Quels sont les signes de douleur dans la bouche
Dépendamment de leur tolérance à la douleur, les chevaux qui ont
besoin d’un râpage dentaire peuvent démontrer des signes évidents ou
ne présenter aucun signe. Si votre cheval démontre les signes
suivants ou si ses dents n’ont pas été râpées depuis plus d’un an,
un examen dentaire est fortement recommandé :
- Perte de poids (malgré une alimentation adéquate)
- Difficulté à gagner du poids (malgré une alimentation adéquate)
- Alimentation lente
- Sélection des aliments
- Perte d’aliments par la bouche
- Salivation excessive
- Particules visibles dans le fumier (grain entier, longues fibres
de foin)
- Coliques (parfois causées par des problèmes dentaires)

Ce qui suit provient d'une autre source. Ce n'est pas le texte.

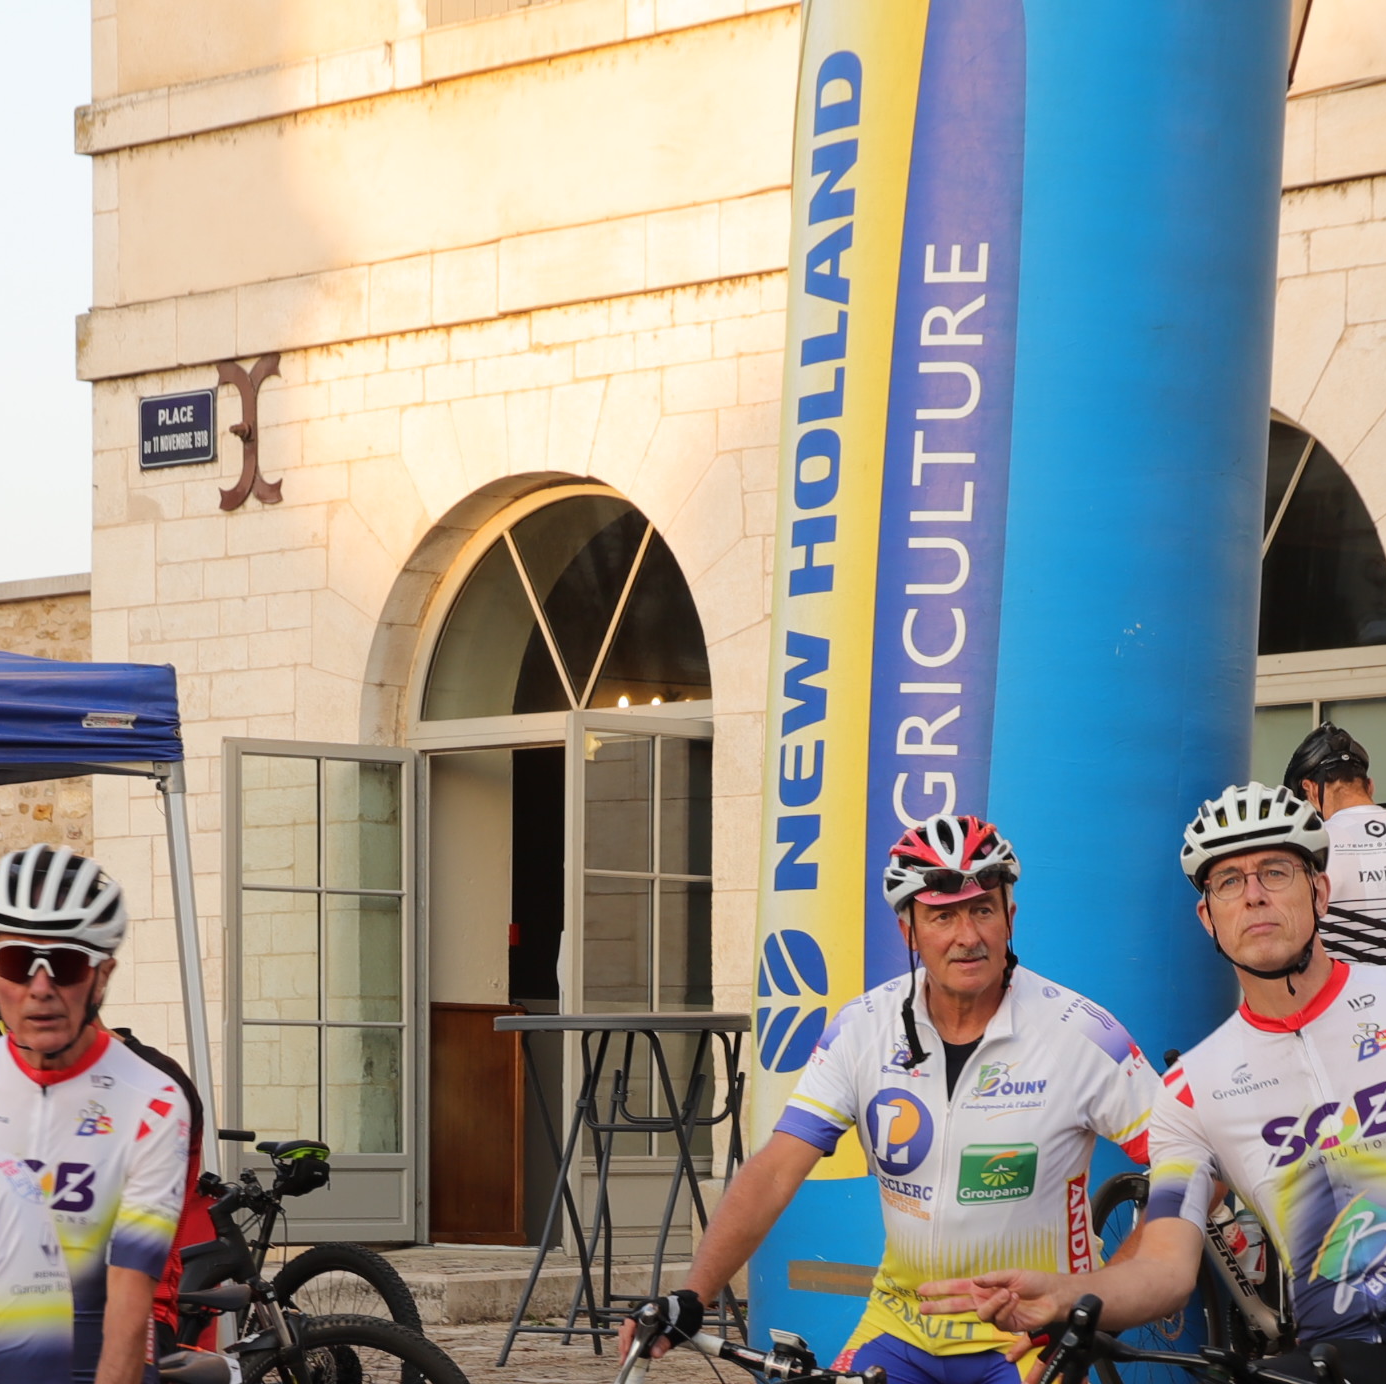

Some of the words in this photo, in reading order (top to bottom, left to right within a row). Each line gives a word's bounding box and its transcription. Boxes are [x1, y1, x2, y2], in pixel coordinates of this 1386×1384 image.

- Problèmes de comportement lorsque monté
- Prend le mors aux dents
- Résistance au mors pour tourner, arrêter ou céder la tête
- Garde la tête penchée, joue avec le mors
Qu’en est-il des chevaux sauvages?
Ils ont aussi des problèmes dentaires qui peuvent affecter leur
longévité puisqu’ils subissent une sélection naturelle. En effet, un
cheval sauvage dont la dentition n’est pas parfaite, risque de
mourir de malnutrition avant de produire une descendance. Donc, la
population de chevaux sauvages a moins de défauts dentaires
héréditaires. Dans nos conditions d’élevage, les critères de
sélection des reproducteurs sont nombreux et excluent souvent la
dentition. L’explication est simple, un cheval domestique avec un
problème dentaire pourra être en parfaite santé s’il reçoit des
râpages réguliers et une alimentation adaptée. Il vivra
confortablement, pourra performer normalement et avoir de nombreux
poulains.
Les conditions de vie sont aussi bien différentes entre les chevaux
sauvages et domestiques. En effet, les chevaux sauvages mangent
toute la journée des aliments fibreux qui permettent une usure
uniforme des dents. De leur côté, les chevaux en captivité mangent
quelques heures par jour des repas moins fibreux et plus concentrés.
En terminant, il ne faut pas oublier que bien des problèmes
dentaires sont plus évidents lorsque le cheval est monté.